Minimi, chiesto lo scorporo per tutte le ritenute erroneamente subìte

L’Ordine dei dottori commercialisti e degli esperti contabili (ODCEC) ha inviato lo scorso 22 luglio una lettera all’Agenzia delle Entrate, con cui segnala l’inutilizzabilità del Modello UNICO 2013 per lo scorporo delle ritenute d’acconto subite erroneamente da parte dei contribuenti che hanno aderito al regime fiscale di vantaggio dei nuovi minimi dal 2012, per il fatto che all’interno del Modello UNICO 2013 è stata eliminata la riga riservata allo scomputo delle ritenute d’acconto.

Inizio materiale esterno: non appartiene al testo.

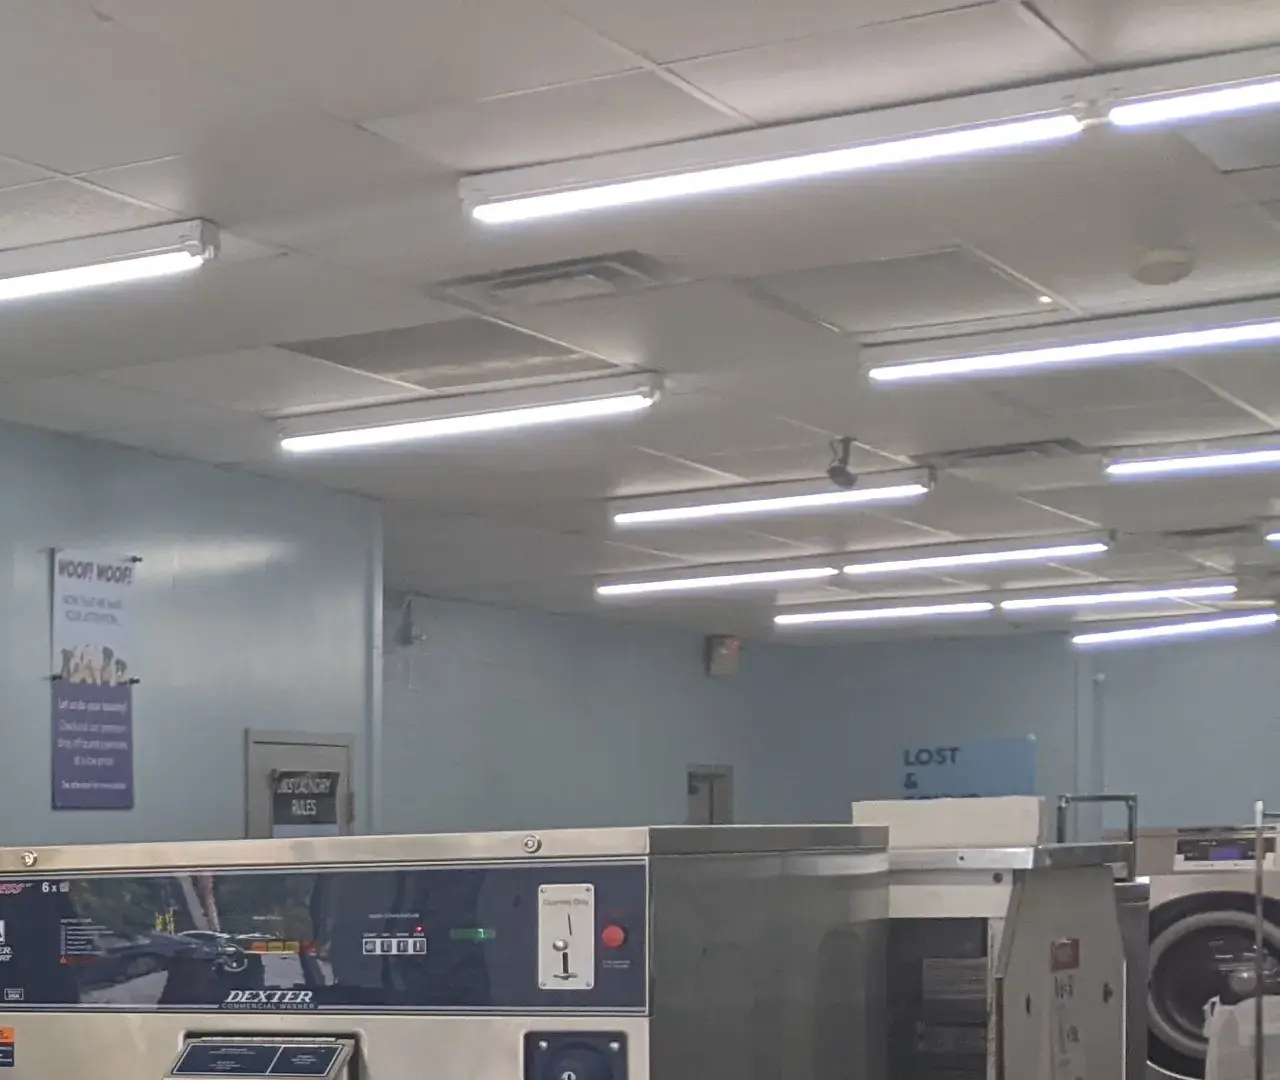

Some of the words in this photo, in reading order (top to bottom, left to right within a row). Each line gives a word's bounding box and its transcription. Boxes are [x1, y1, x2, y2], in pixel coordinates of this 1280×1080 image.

[903, 746, 960, 766] LOST
[904, 772, 918, 790] &
[292, 799, 317, 815] RULES
[42, 882, 50, 893] 6
[225, 990, 314, 1003] DEXTER
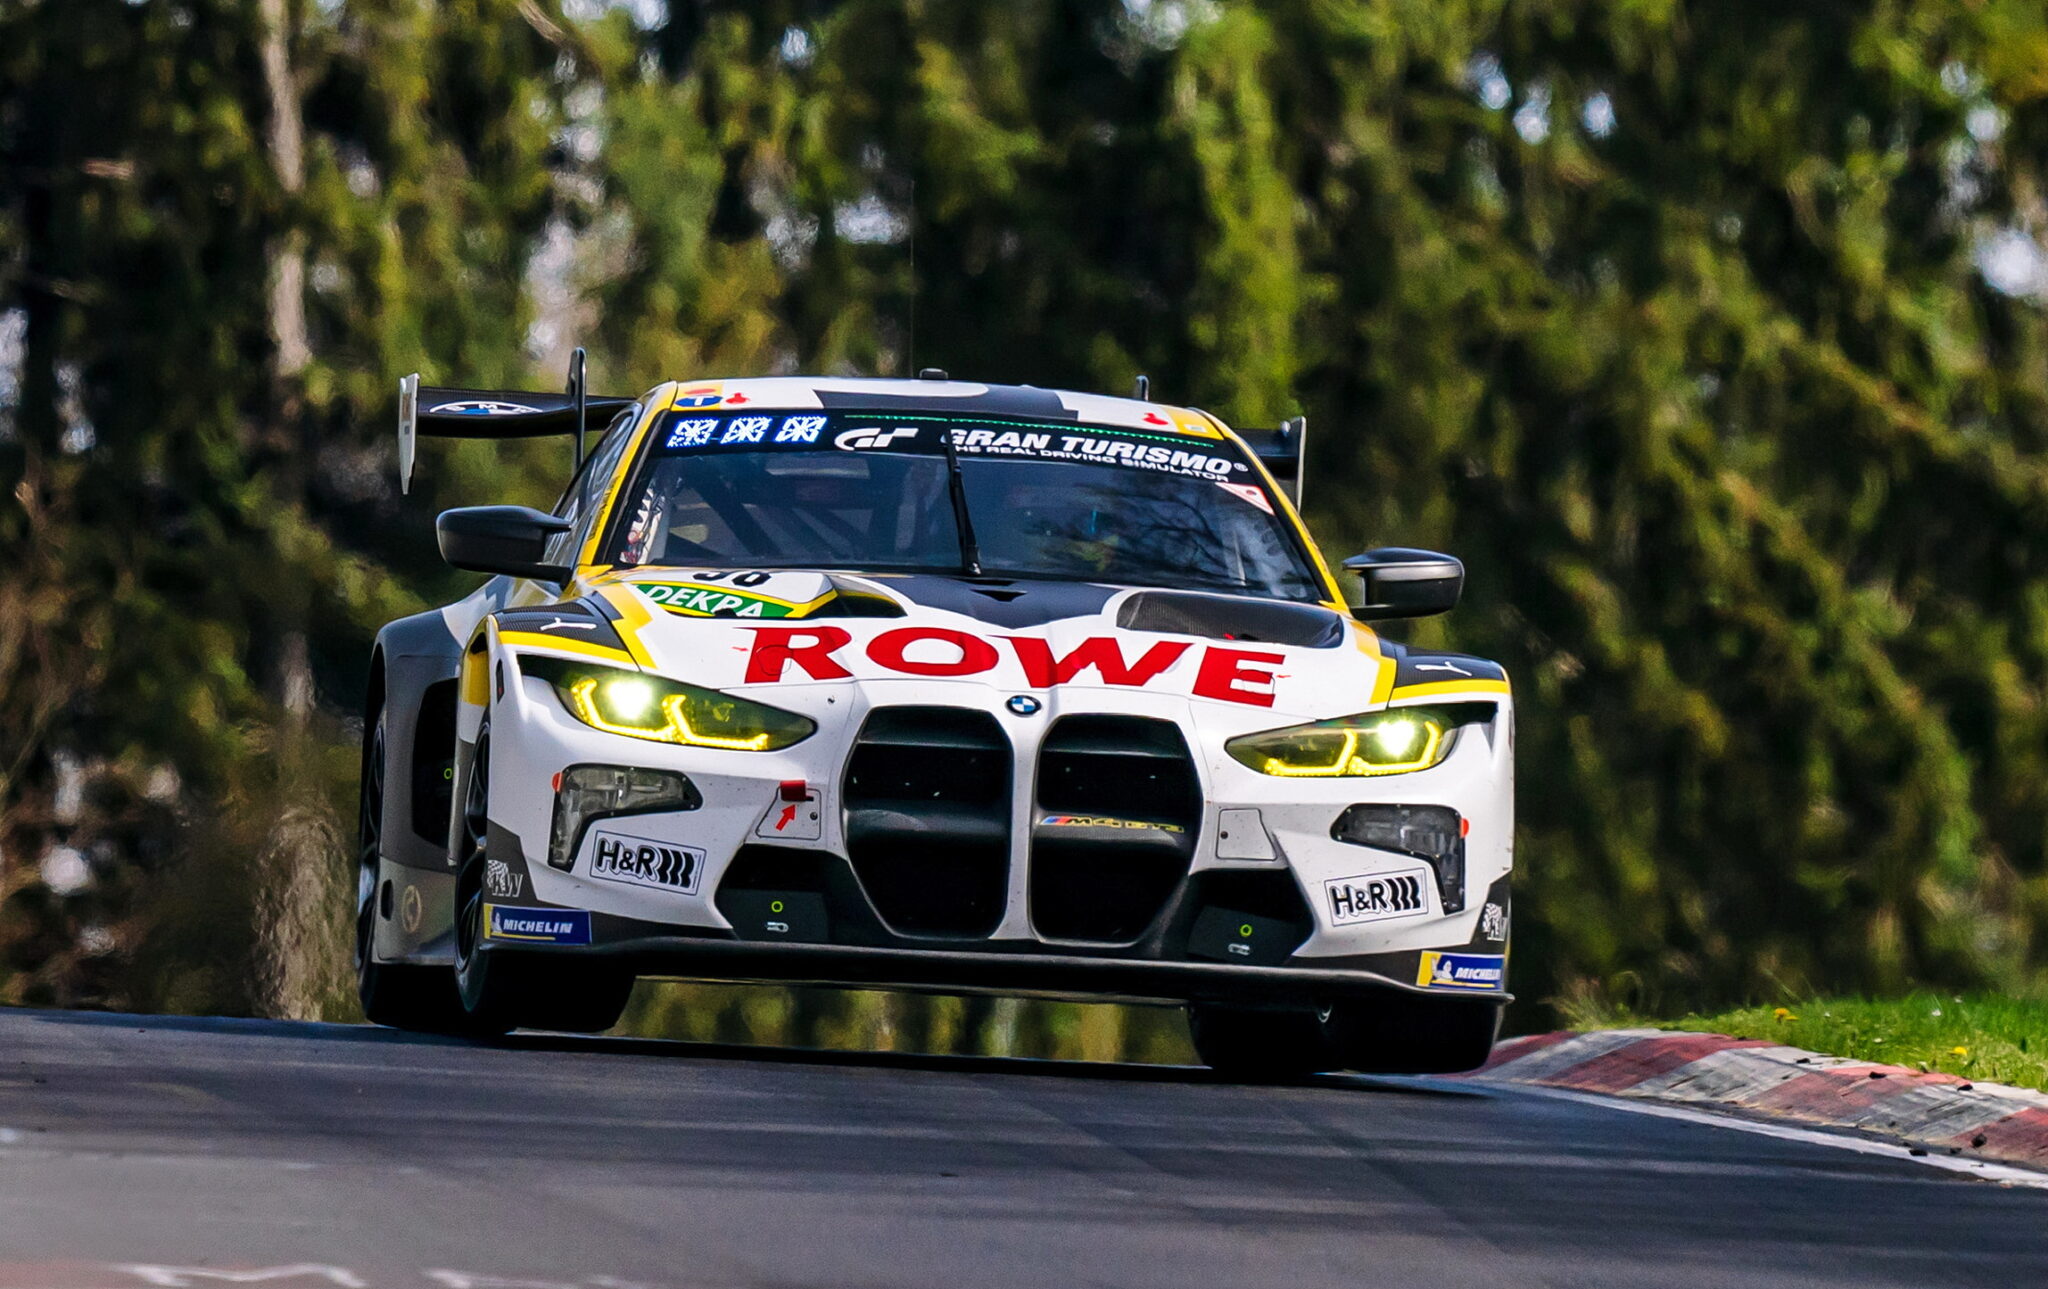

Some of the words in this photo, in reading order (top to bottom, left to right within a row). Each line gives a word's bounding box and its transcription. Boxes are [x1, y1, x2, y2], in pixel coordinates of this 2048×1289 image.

[834, 427, 919, 451] GT
[940, 428, 1052, 449] GRAN
[954, 445, 982, 453] HE
[986, 446, 1037, 456] REAL
[1040, 450, 1117, 464] DRIVING
[1120, 459, 1229, 482] SIMULATOR
[733, 625, 1287, 708] ROWE
[597, 838, 658, 881] H&R
[1330, 880, 1392, 919] H&R
[503, 918, 574, 934] MICHELIN

Considerato che con la recente Risoluzione dell’Agenzia delle Entrate n. 47/E/2013 è stata concessa la possibilità di indicare in dichiarazione unicamente le ritenute del 4% erroneamente subite ad opera delle banche e delle poste sui bonifici corrisposti ai nuovi minimi per lavori di ristrutturazione edilizia e di risparmio energetico da essi eseguiti, l’ODCEC chiede che tale possibilità sia estesa a tutti i minimi che abbiano erroneamente subito ritenute, in modo da evitare un eccessivo ricorso ad istanze di rimborso.